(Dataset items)

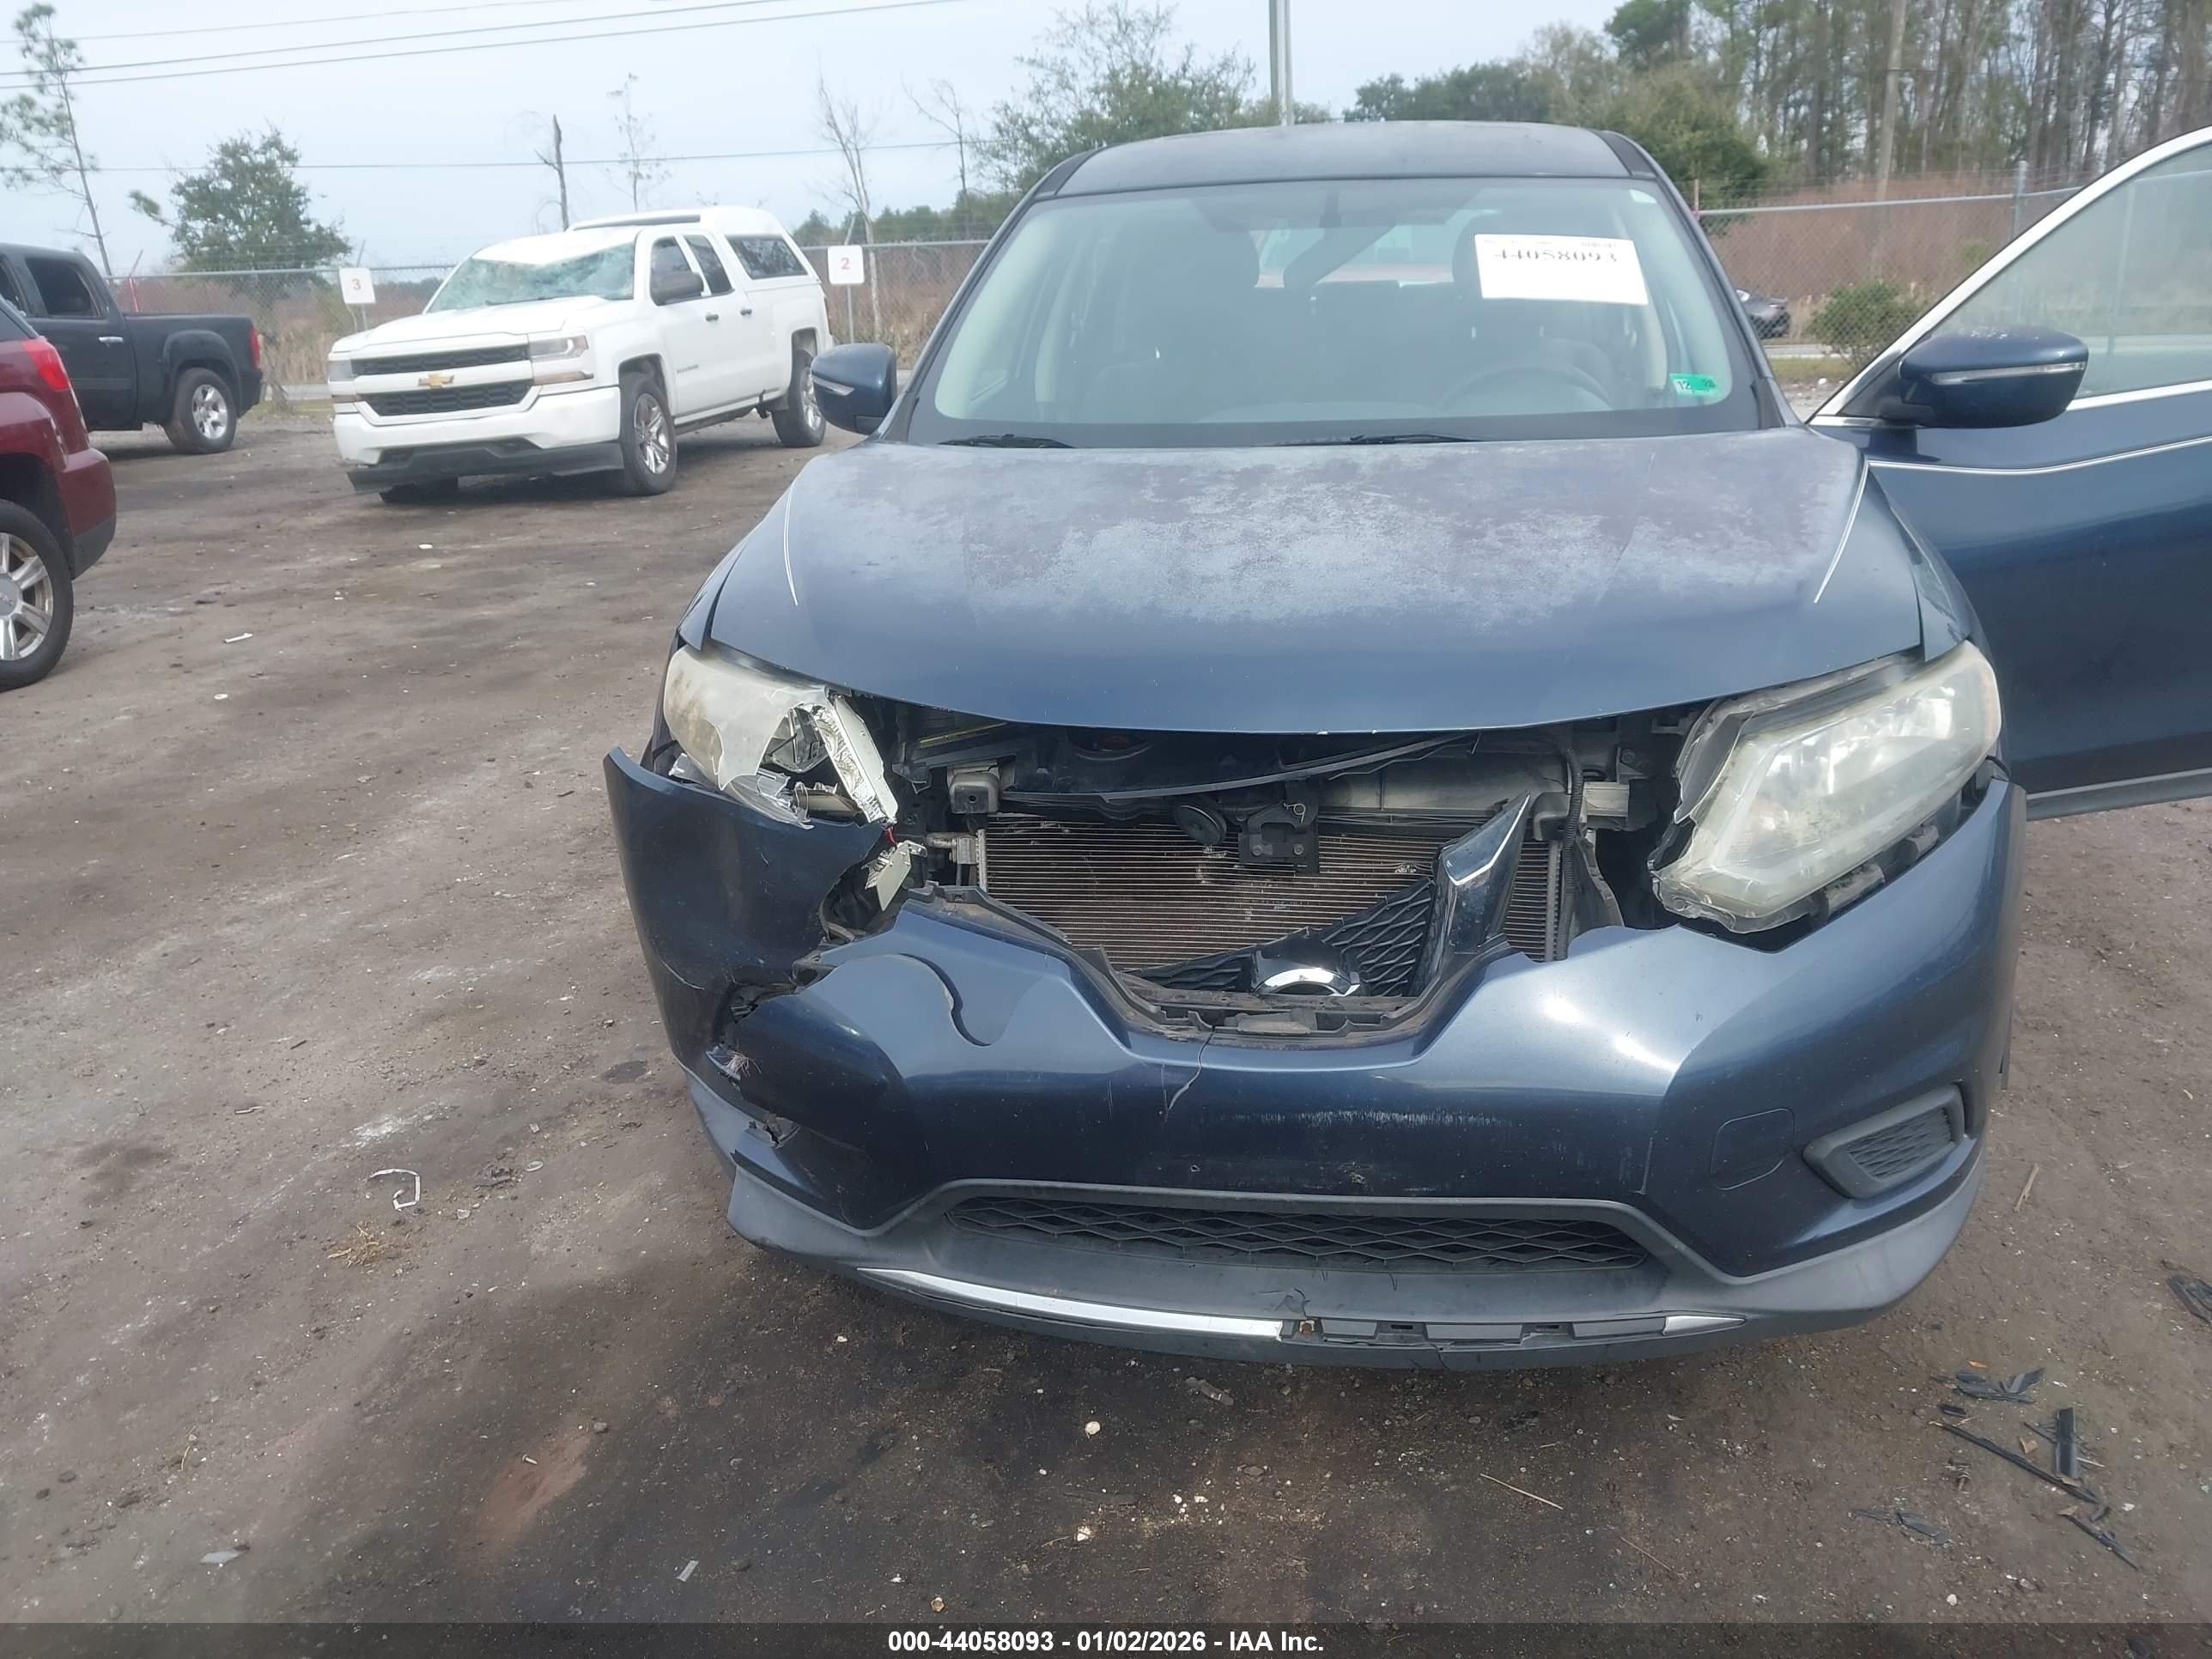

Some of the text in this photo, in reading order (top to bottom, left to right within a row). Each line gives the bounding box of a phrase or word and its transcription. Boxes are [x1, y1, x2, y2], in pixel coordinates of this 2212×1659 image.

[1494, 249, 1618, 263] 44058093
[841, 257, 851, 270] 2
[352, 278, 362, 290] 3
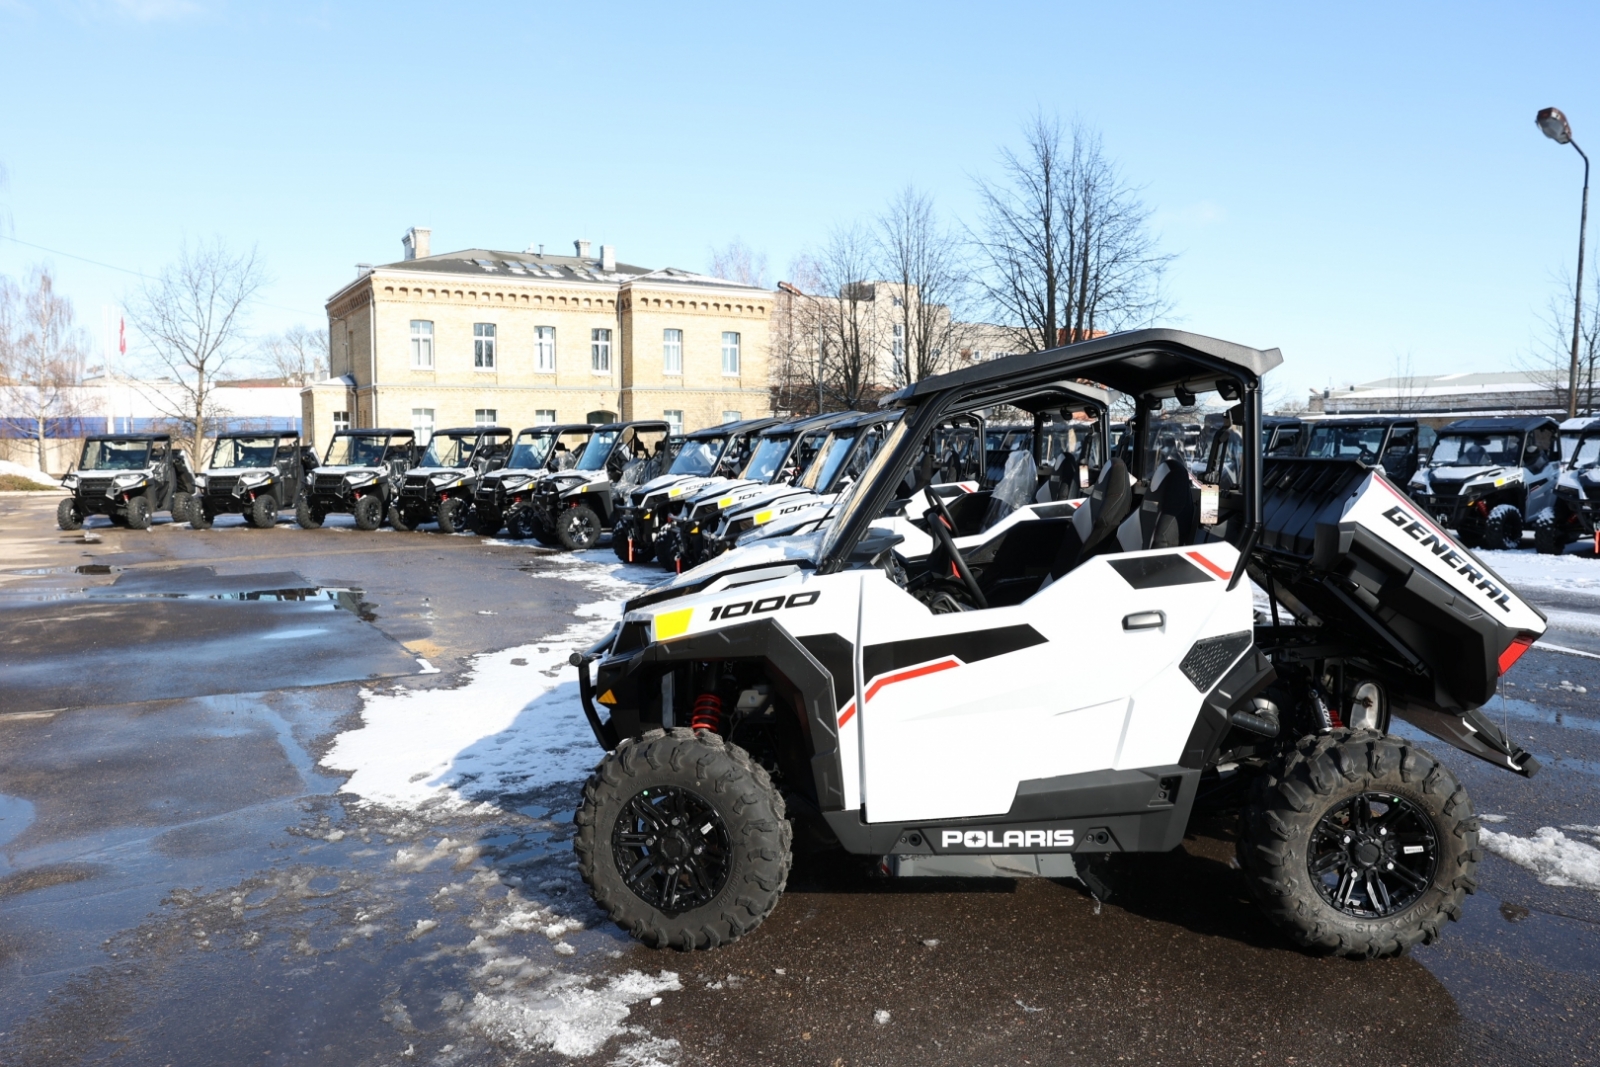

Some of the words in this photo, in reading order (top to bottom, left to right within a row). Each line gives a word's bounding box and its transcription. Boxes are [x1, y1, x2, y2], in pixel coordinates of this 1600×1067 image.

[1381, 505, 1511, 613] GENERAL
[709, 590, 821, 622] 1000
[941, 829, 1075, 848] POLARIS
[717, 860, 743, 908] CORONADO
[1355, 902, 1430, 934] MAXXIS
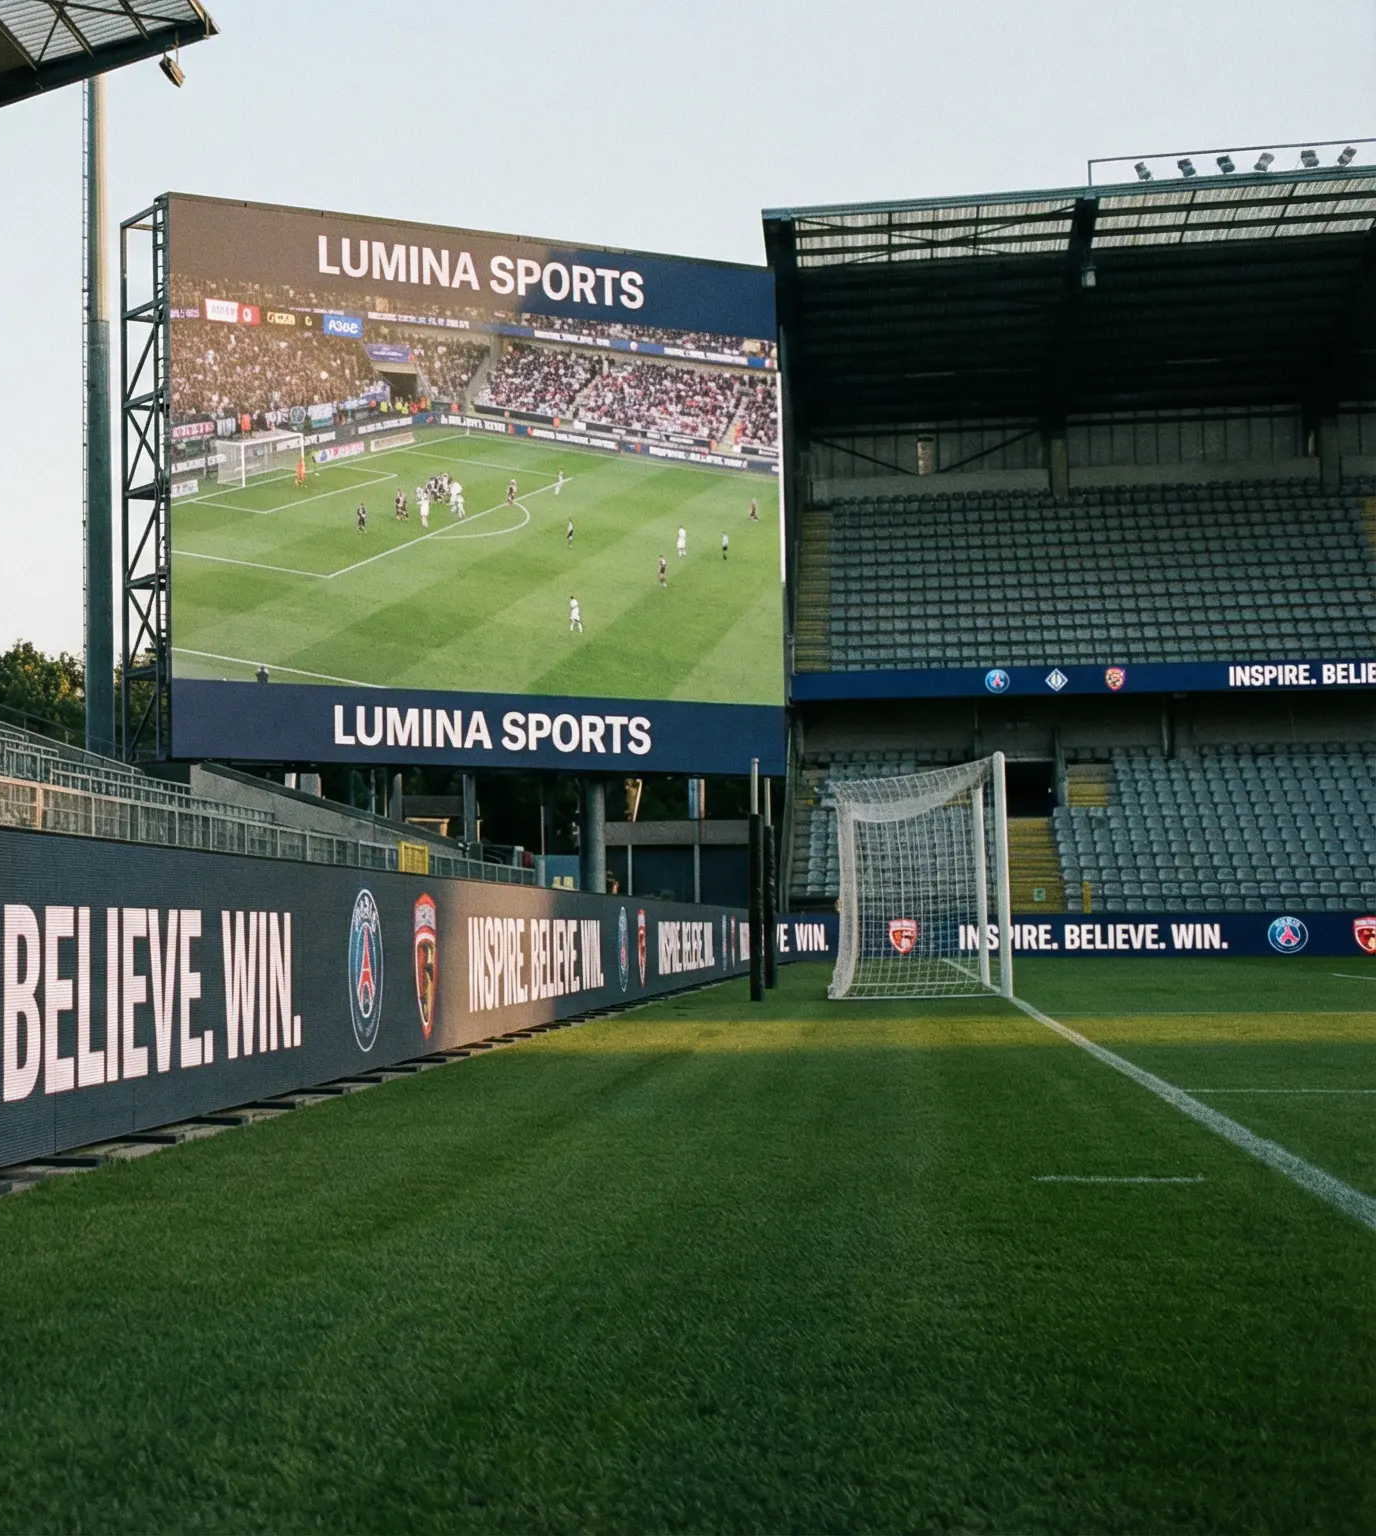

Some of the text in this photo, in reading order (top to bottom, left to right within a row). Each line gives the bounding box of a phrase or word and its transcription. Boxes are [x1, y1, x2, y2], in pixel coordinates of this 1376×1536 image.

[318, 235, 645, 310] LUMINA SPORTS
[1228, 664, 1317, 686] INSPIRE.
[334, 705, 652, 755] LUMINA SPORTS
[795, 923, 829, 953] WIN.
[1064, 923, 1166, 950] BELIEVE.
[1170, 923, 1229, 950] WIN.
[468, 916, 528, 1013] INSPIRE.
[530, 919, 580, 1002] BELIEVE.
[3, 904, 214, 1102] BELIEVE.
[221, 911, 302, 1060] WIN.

--- Task prompt ---
Restate word for word the lines above, beginning with the one that contains "this 1376×1536 image." and ending with the last line.

--- Response to the task ---
Some of the text in this photo, in reading order (top to bottom, left to right within a row). Each line gives the bounding box of a phrase or word and its transcription. Boxes are [x1, y1, x2, y2], in pixel coordinates of this 1376×1536 image.

[318, 235, 645, 310] LUMINA SPORTS
[1228, 664, 1317, 686] INSPIRE.
[334, 705, 652, 755] LUMINA SPORTS
[795, 923, 829, 953] WIN.
[1064, 923, 1166, 950] BELIEVE.
[1170, 923, 1229, 950] WIN.
[468, 916, 528, 1013] INSPIRE.
[530, 919, 580, 1002] BELIEVE.
[3, 904, 214, 1102] BELIEVE.
[221, 911, 302, 1060] WIN.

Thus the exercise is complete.